(Stored data)

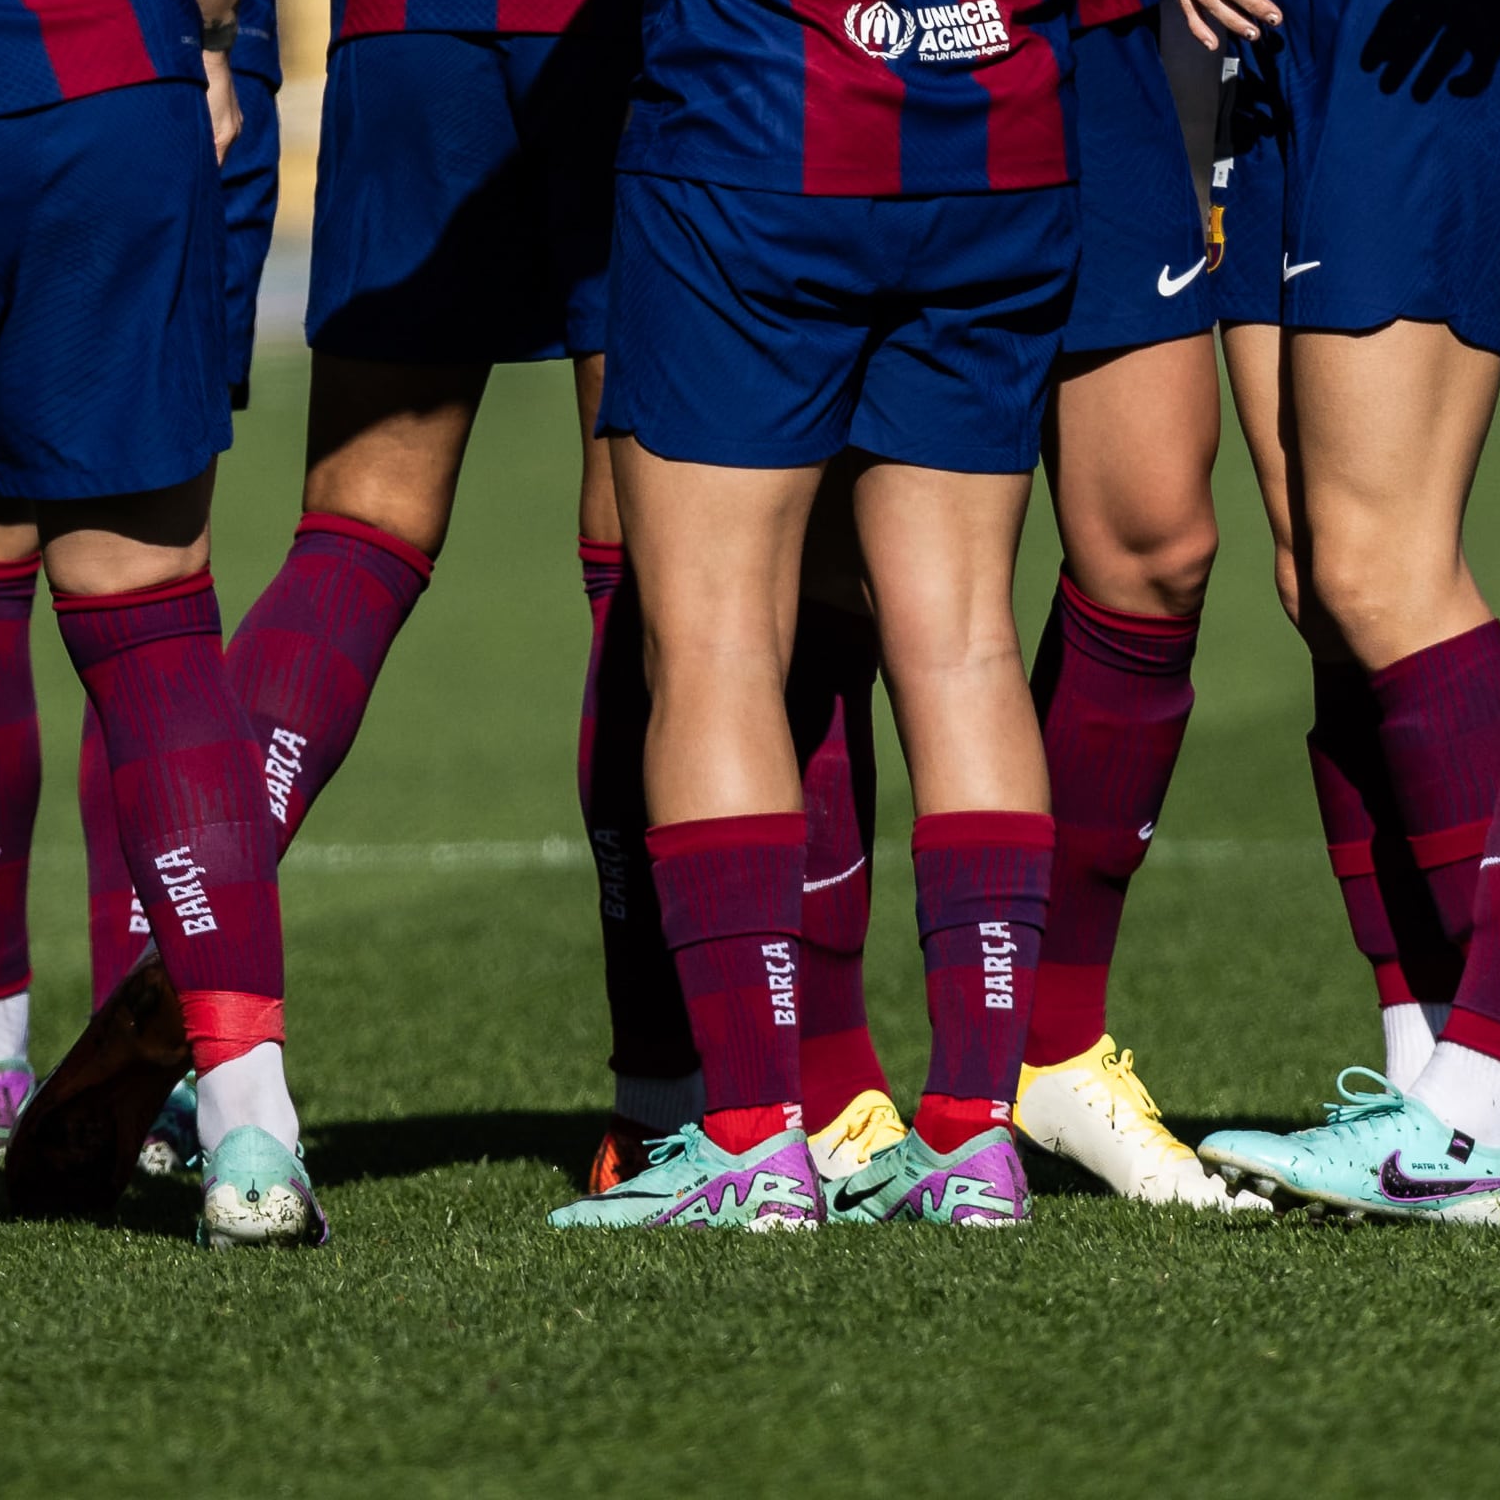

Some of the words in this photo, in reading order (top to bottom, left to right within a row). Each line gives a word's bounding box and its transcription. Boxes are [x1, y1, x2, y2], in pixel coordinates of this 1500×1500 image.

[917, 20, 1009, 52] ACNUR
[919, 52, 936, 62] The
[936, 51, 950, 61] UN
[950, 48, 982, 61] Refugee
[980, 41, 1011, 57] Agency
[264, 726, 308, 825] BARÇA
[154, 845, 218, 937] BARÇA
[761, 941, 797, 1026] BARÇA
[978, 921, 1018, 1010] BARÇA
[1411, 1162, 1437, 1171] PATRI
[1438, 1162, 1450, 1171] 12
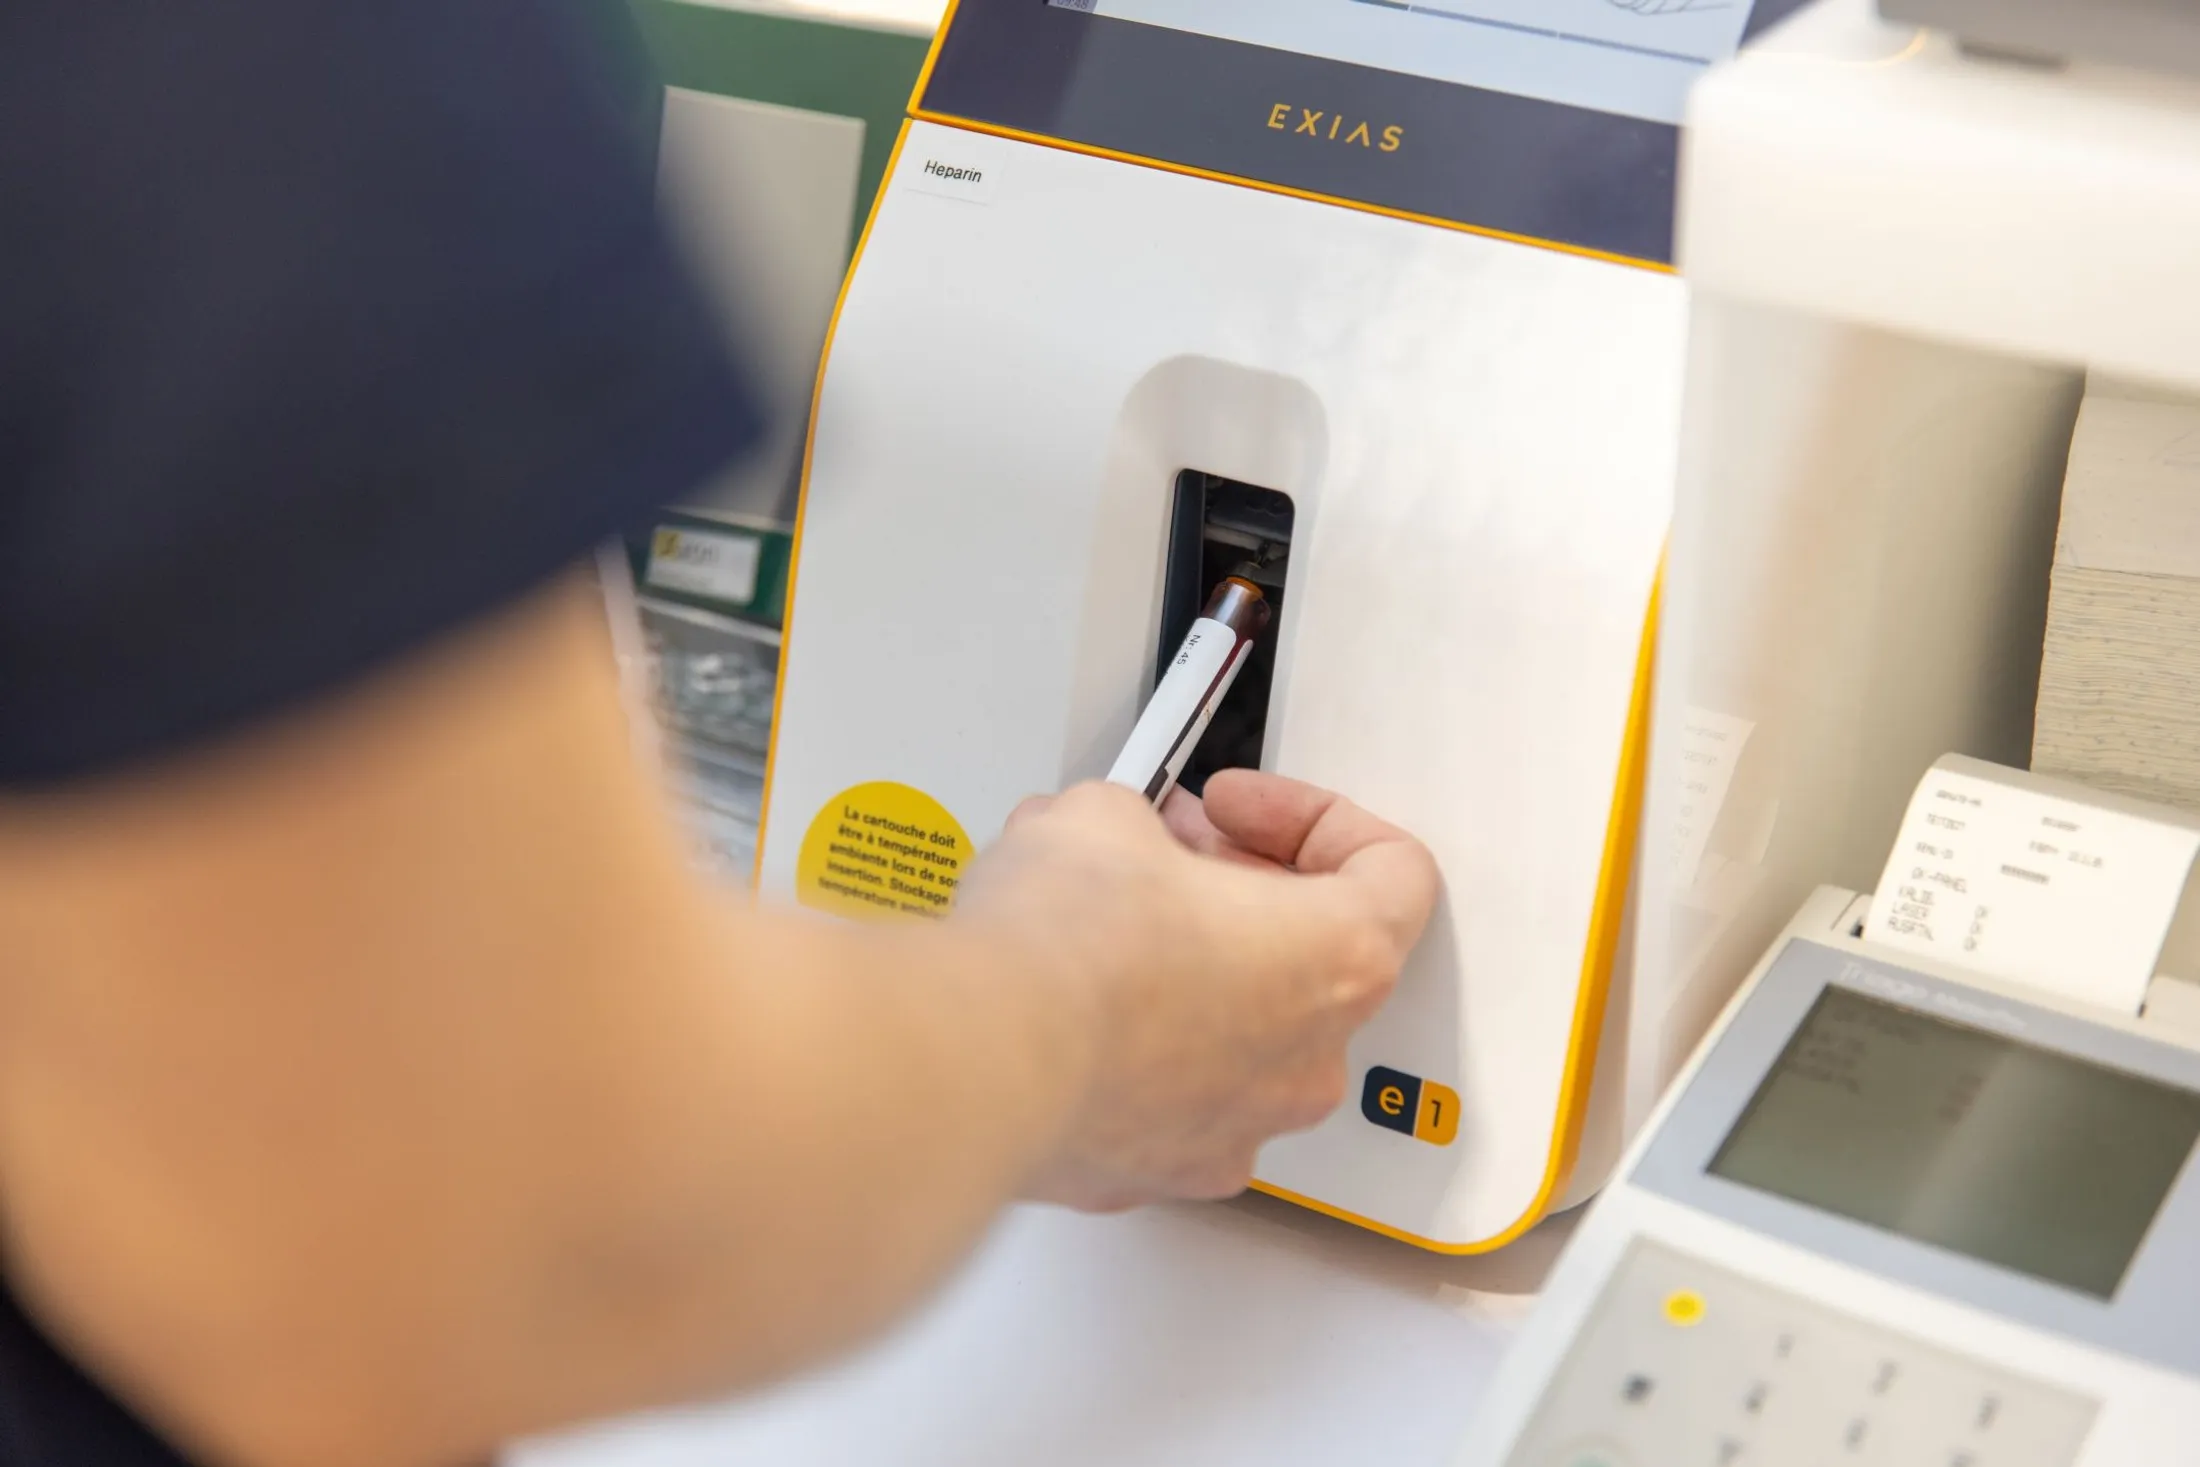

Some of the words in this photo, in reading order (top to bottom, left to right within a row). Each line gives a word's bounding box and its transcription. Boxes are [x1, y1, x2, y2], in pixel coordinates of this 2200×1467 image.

◆ **Directions for this task**: All the records need to be printed again exactly as written, though without their pictures.

◆ **Task answer**:
Some of the words in this photo, in reading order (top to bottom, left to right within a row). Each line gives a word's bounding box and its transcription. Boxes are [x1, y1, x2, y2], in pixel coordinates of this 1500×1500 image.

[917, 20, 1009, 52] ACNUR
[919, 52, 936, 62] The
[936, 51, 950, 61] UN
[950, 48, 982, 61] Refugee
[980, 41, 1011, 57] Agency
[264, 726, 308, 825] BARÇA
[154, 845, 218, 937] BARÇA
[761, 941, 797, 1026] BARÇA
[978, 921, 1018, 1010] BARÇA
[1411, 1162, 1437, 1171] PATRI
[1438, 1162, 1450, 1171] 12

Some of the words in this photo, in reading order (top to bottom, left to right within a row). Each line gives a word's bounding box and its transcription. Boxes are [x1, y1, x2, y2], in pixel coordinates of this 2200×1467 image.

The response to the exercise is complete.